Members of the D.C. Council advanced legislation to give local minority-owned companies a preference when applying for licenses to operate medical marijuana businesses.

It’s the latest jurisdiction to join a growing nationwide effort to make sure minorities can profit from legal marijuana sales after decades of being disproportionately prosecuted for using and selling the drug.

“We at the D.C. government have an obligation to make sure that minorities and local small businesses can get in on the ground floor and secure a piece of this foundation,” said Council member Robert C. White Jr. (D-At Large), who sponsored the legislation that passed Tuesday.

“We have locked up so many black people for marijuana, and I see it as in­cred­ibly hypocritical for those folks to return from prison on marijuana charges just to come back to a place that has now legalized and industrialized it, and they can’t play any role.”

The emergency bill to give minority-owned businesses extra weight on their applications comes as the District is preparing to award a permit to open a dispensary in the overwhelmingly black neighborhoods east of the Anacostia River.

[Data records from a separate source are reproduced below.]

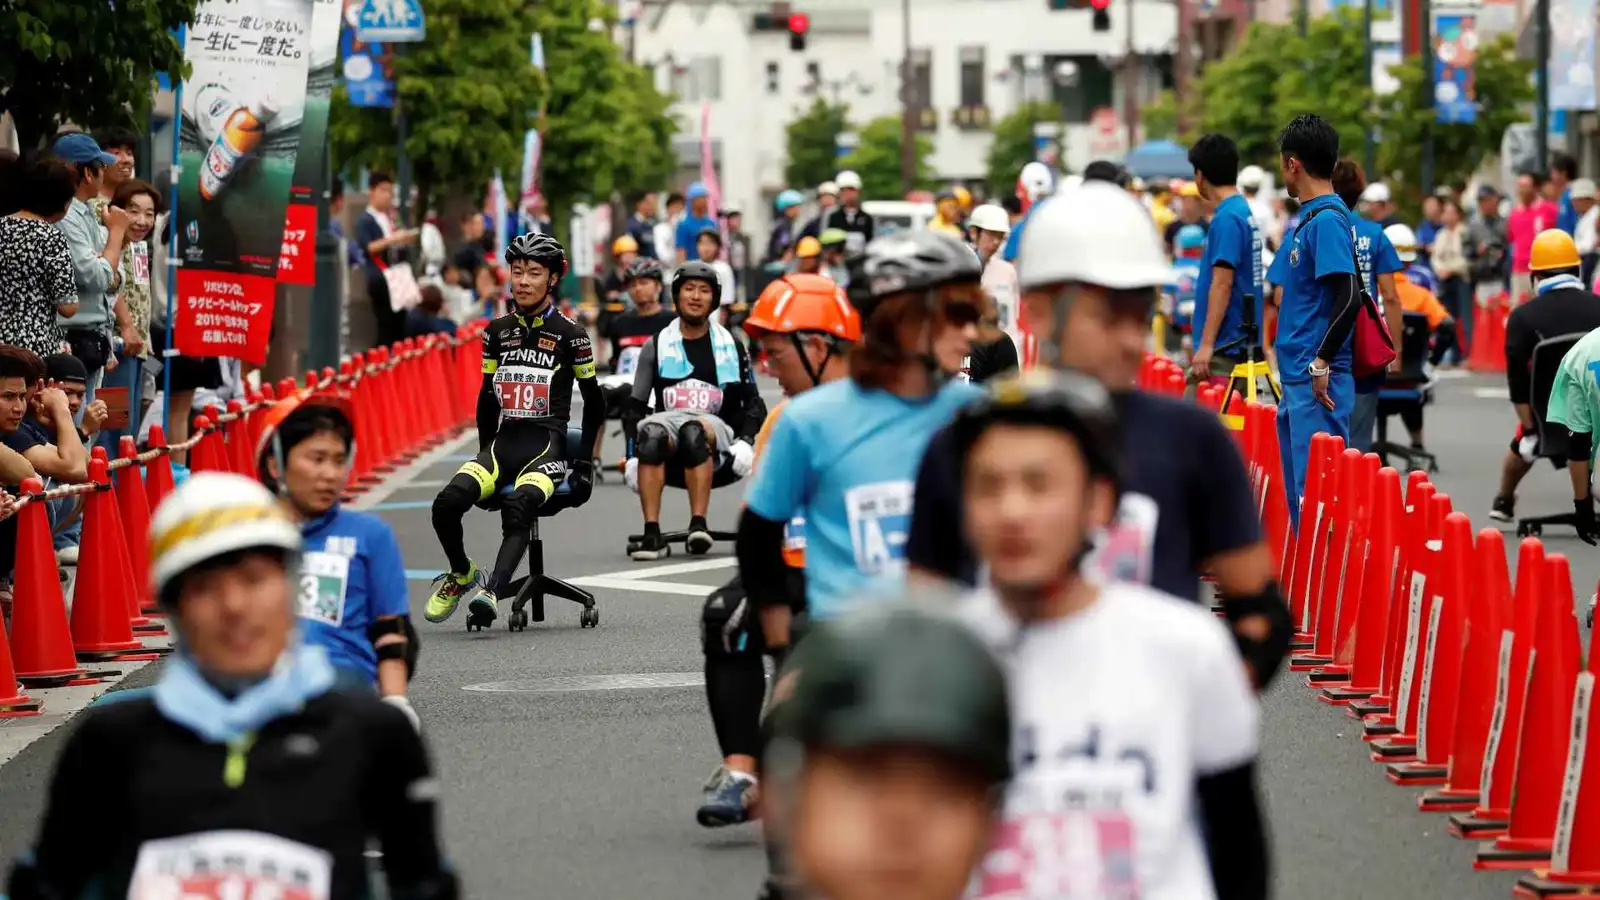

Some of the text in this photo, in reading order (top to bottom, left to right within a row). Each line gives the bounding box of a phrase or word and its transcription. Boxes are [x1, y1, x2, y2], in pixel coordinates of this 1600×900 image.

[190, 31, 302, 59] 一生に一度だ。
[500, 348, 555, 368] ZENRIN
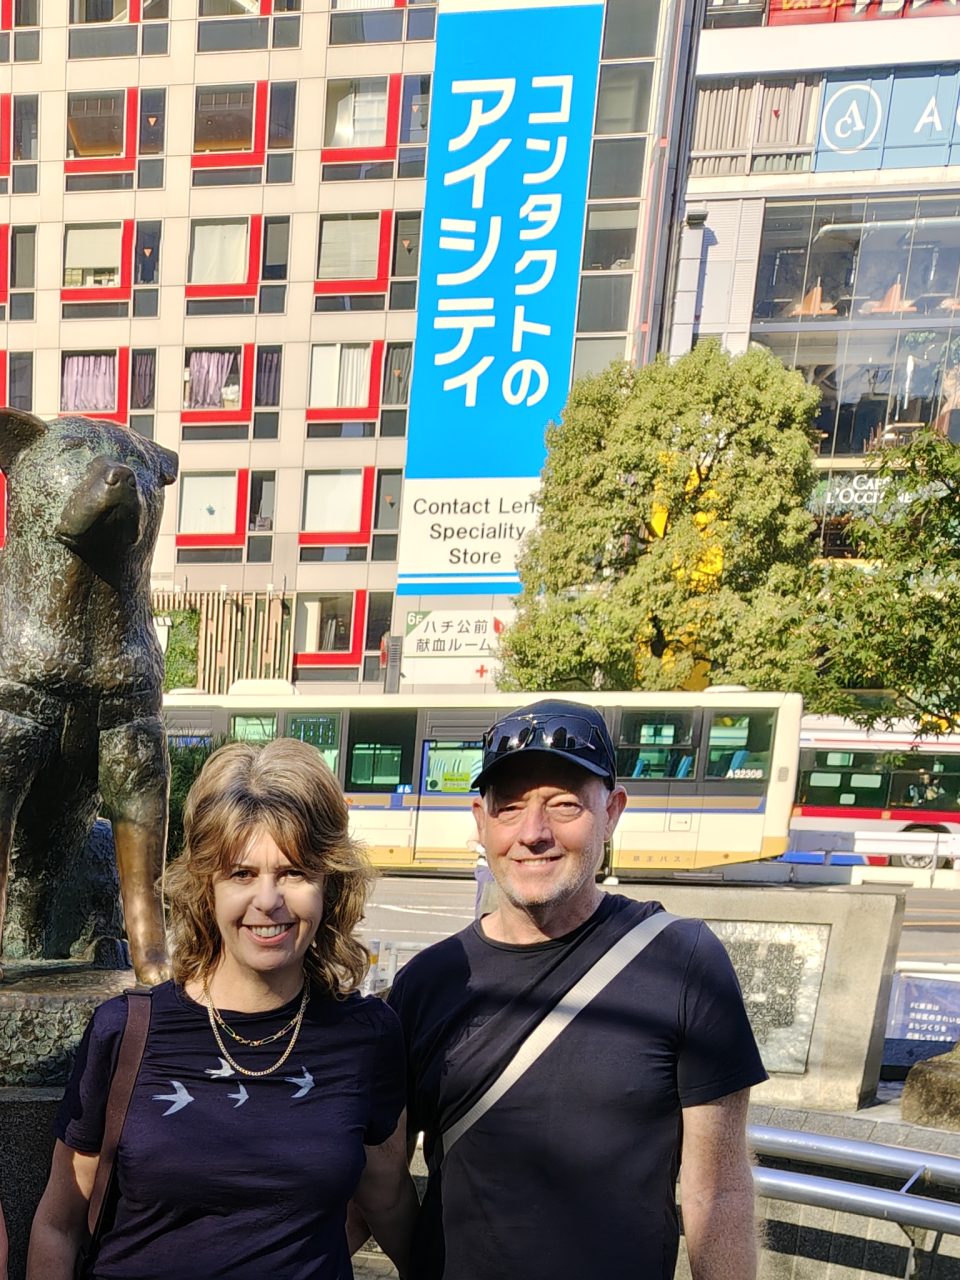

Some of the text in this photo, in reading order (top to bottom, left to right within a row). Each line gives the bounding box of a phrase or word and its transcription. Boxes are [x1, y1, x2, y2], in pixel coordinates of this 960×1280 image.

[433, 77, 517, 407] アイシティ
[502, 74, 574, 407] コンタクトの
[413, 497, 490, 515] Contact
[429, 522, 526, 541] Speciality
[448, 547, 502, 564] Store
[407, 612, 424, 625] 6F
[423, 619, 489, 634] ハチ公前
[416, 638, 492, 653] 献血ルーム

A spokeswoman for Mayor Muriel E. Bowser (D) says she’s still reviewing the legislation, but her administration is taking steps to implement it.

The Health Department will allow companies that submitted letters of intent to seek a dispensary license to qualify as a minority-owned business, spokeswoman Jasmine Gossett said.

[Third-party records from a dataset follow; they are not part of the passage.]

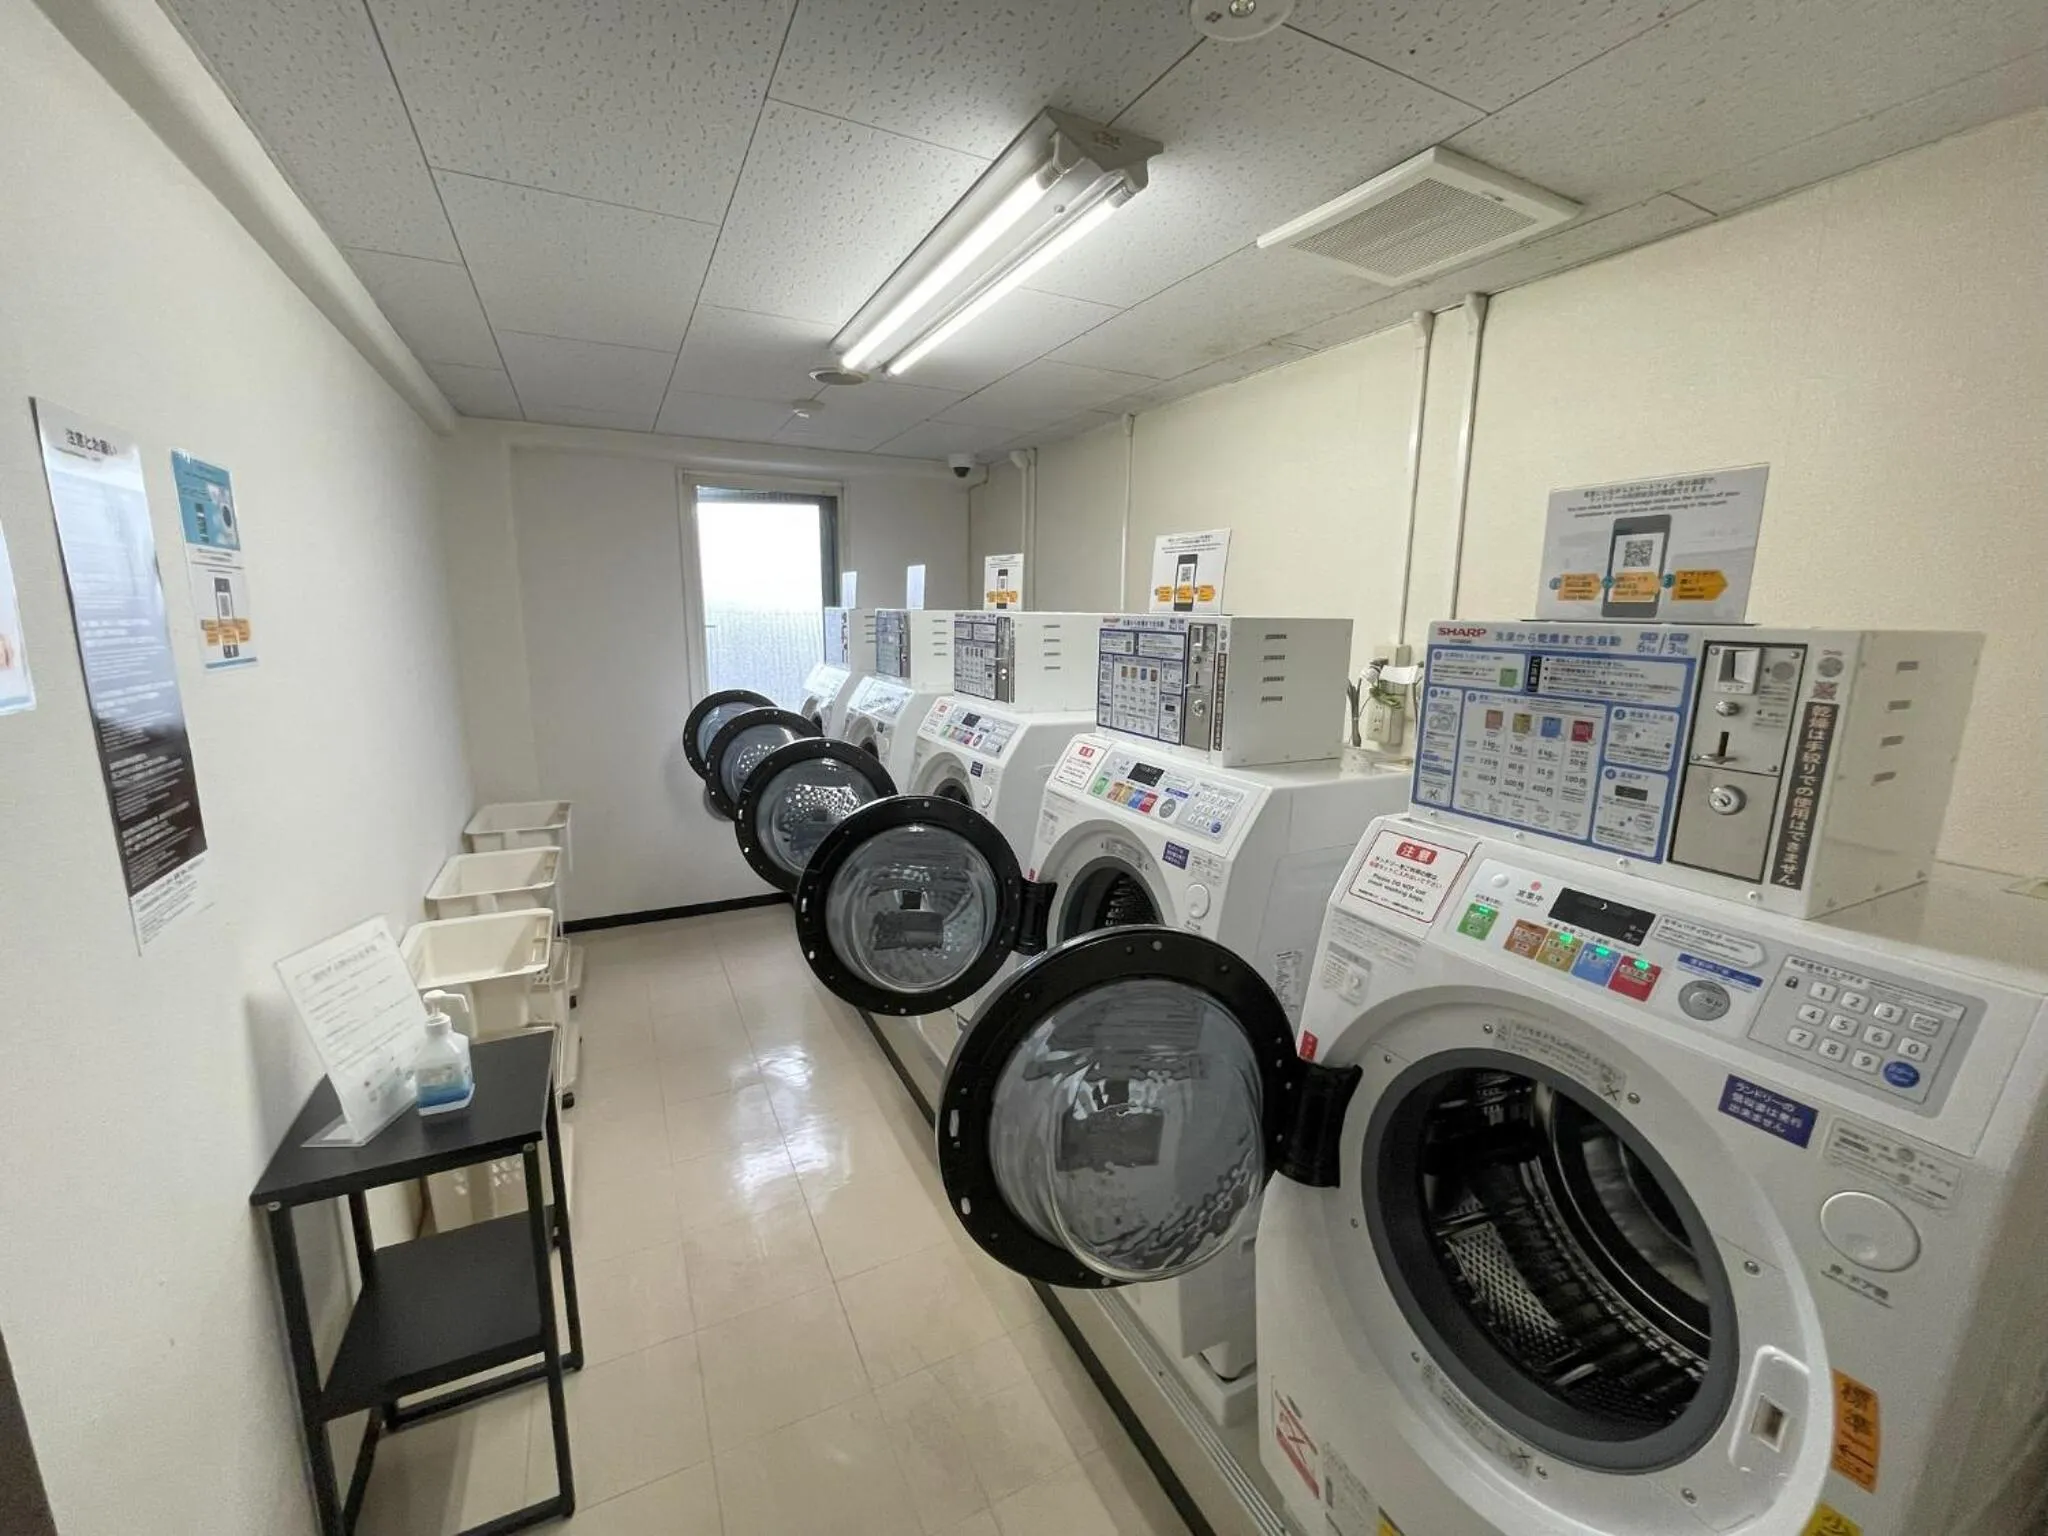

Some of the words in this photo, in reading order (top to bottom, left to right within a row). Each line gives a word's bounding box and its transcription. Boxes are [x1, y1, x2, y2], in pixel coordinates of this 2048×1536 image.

[1437, 628, 1487, 638] SHARP
[1399, 844, 1432, 864] 注意
[1819, 987, 1827, 996] 1
[1850, 997, 1861, 1008] 2
[1806, 1010, 1816, 1019] 4
[1883, 1007, 1894, 1018] 3
[1838, 1020, 1848, 1031] 5
[1796, 1033, 1807, 1042] 7
[1872, 1032, 1883, 1042] 6
[1827, 1044, 1838, 1055] 8
[1907, 1043, 1919, 1055] 0
[1861, 1056, 1872, 1067] 9
[1735, 1082, 1795, 1112] ランドリーの

She had no timeline for when the agency would issue new licenses, as regulations allowing new dispensaries are still being written.

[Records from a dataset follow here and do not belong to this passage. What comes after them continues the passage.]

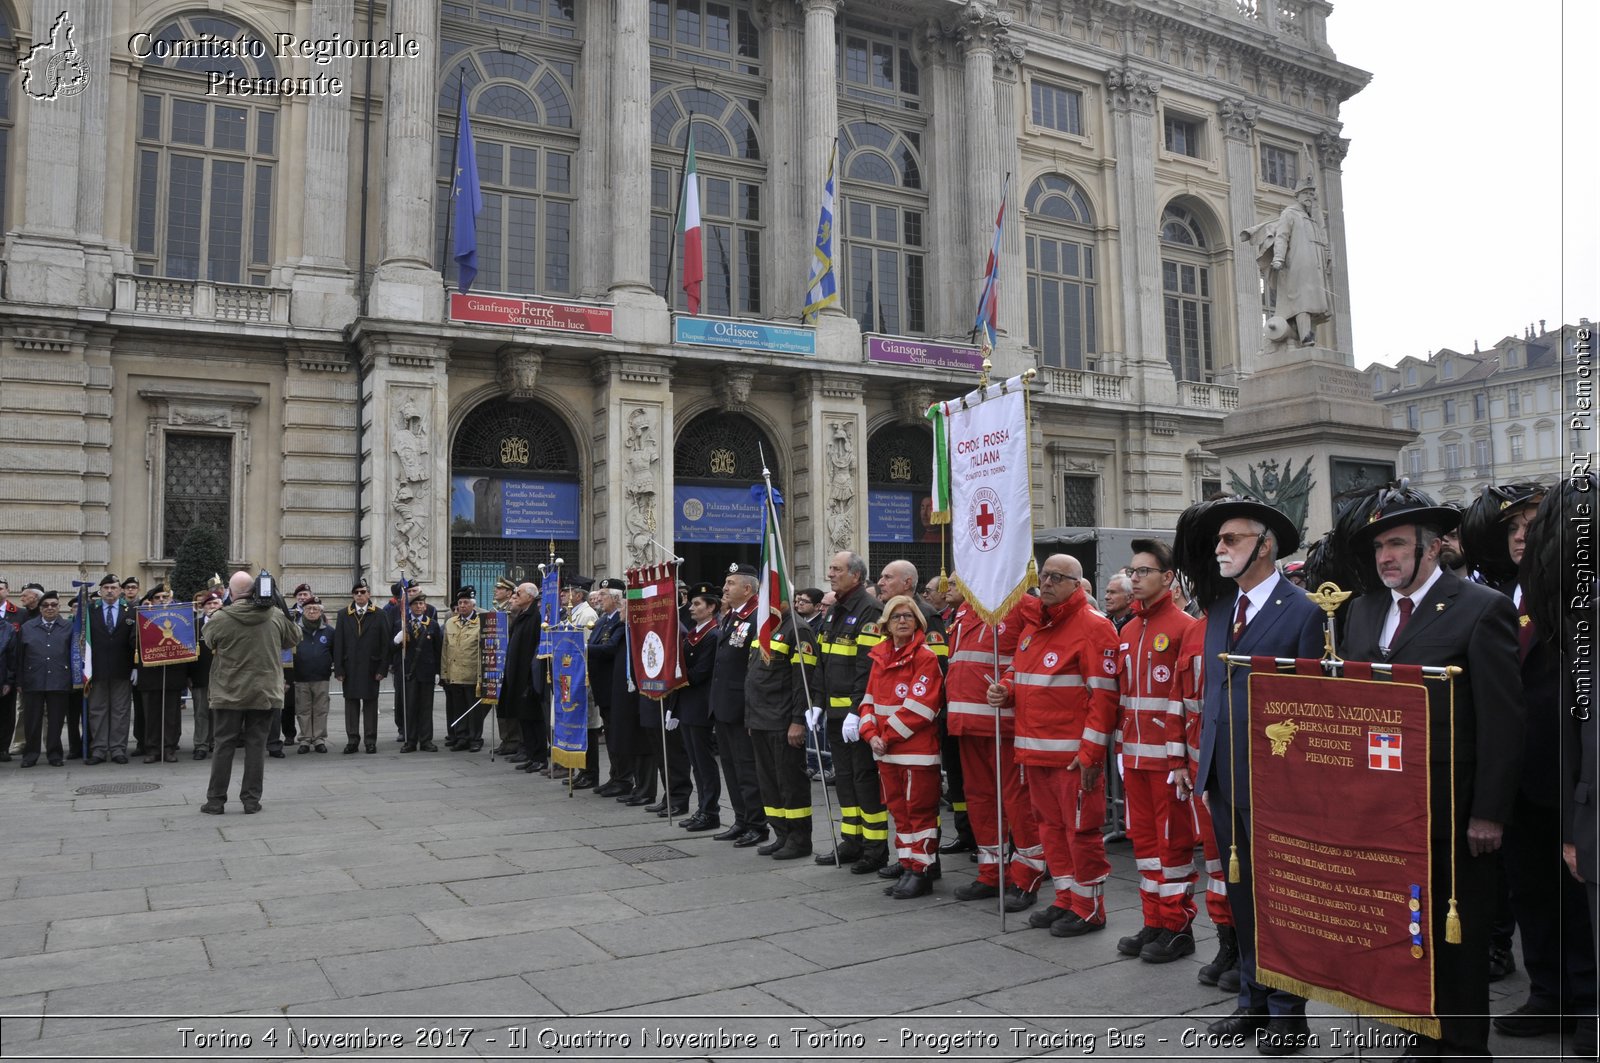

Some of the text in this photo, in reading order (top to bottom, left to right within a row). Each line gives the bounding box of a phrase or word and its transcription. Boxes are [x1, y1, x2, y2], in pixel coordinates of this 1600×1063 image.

[467, 300, 520, 315] Gianfranco
[521, 302, 554, 318] Ferré
[508, 313, 531, 325] Sotto
[567, 319, 585, 330] luce
[714, 322, 759, 339] Odissee
[881, 340, 927, 356] Giansone
[909, 355, 975, 369] Sculture da indossare
[983, 429, 1010, 447] ROSSA
[528, 491, 557, 499] Medievale
[521, 508, 554, 516] Panoramica
[706, 502, 760, 512] Palazzo Madama
[545, 518, 575, 527] Principessa
[145, 645, 171, 654] CARRISTI
[1263, 701, 1402, 725] ASSOCIAZIONE NAZIONALE
[1299, 721, 1362, 736] BERSAGLIERI
[1368, 725, 1402, 734] PIEMONTE
[1308, 736, 1352, 751] REGIONE
[1305, 752, 1354, 767] PIEMONTE
[1342, 849, 1353, 857] AD
[1281, 853, 1301, 865] ORDINI
[1301, 858, 1327, 871] MILITARI
[1282, 871, 1313, 886] MEDAGLIE
[1334, 884, 1344, 893] AL
[1345, 885, 1371, 897] VALOR
[1372, 889, 1405, 904] MILITARE
[1286, 888, 1318, 904] MEDAGLIE
[1358, 904, 1369, 914] AL
[1288, 905, 1321, 921] MEDAGLIE
[1330, 916, 1360, 929] BRONZO
[1362, 922, 1373, 931] AL
[1287, 921, 1307, 933] CROCI
[1316, 929, 1344, 943] GUERRA
[1345, 935, 1356, 944] AL

In February, the District lifted its prohibition against felons convicted of possession with the intent to distribute marijuana from entering the medical marijuana industry, citing racial disparities in how the law was enforced.

The District currently has eight cultivation centers and five dispensaries. Only one cultivator is black.

In neighboring Maryland, criticism over the lack of black-owned businesses authorized to grow medical marijuana has threatened to hobble the program.

Legislation to award additional licenses to minorities failed in a dramatic end to the 2017 legislative session. Meanwhile, a lawsuit alleging Maryland marijuana regulators broke the law because they declined to consider diversity will be heard by the state’s highest court in July.

Other states, including Illinois, Pennsylvania and Florida, have taken steps to give preferences to prospective minority marijuana entrepreneurs.

The city of Oakland, Calif., has gone further in specifically setting aside half of its cannabis business permits for people arrested for drug crimes in the city or who come from neighborhoods with many drug arrests.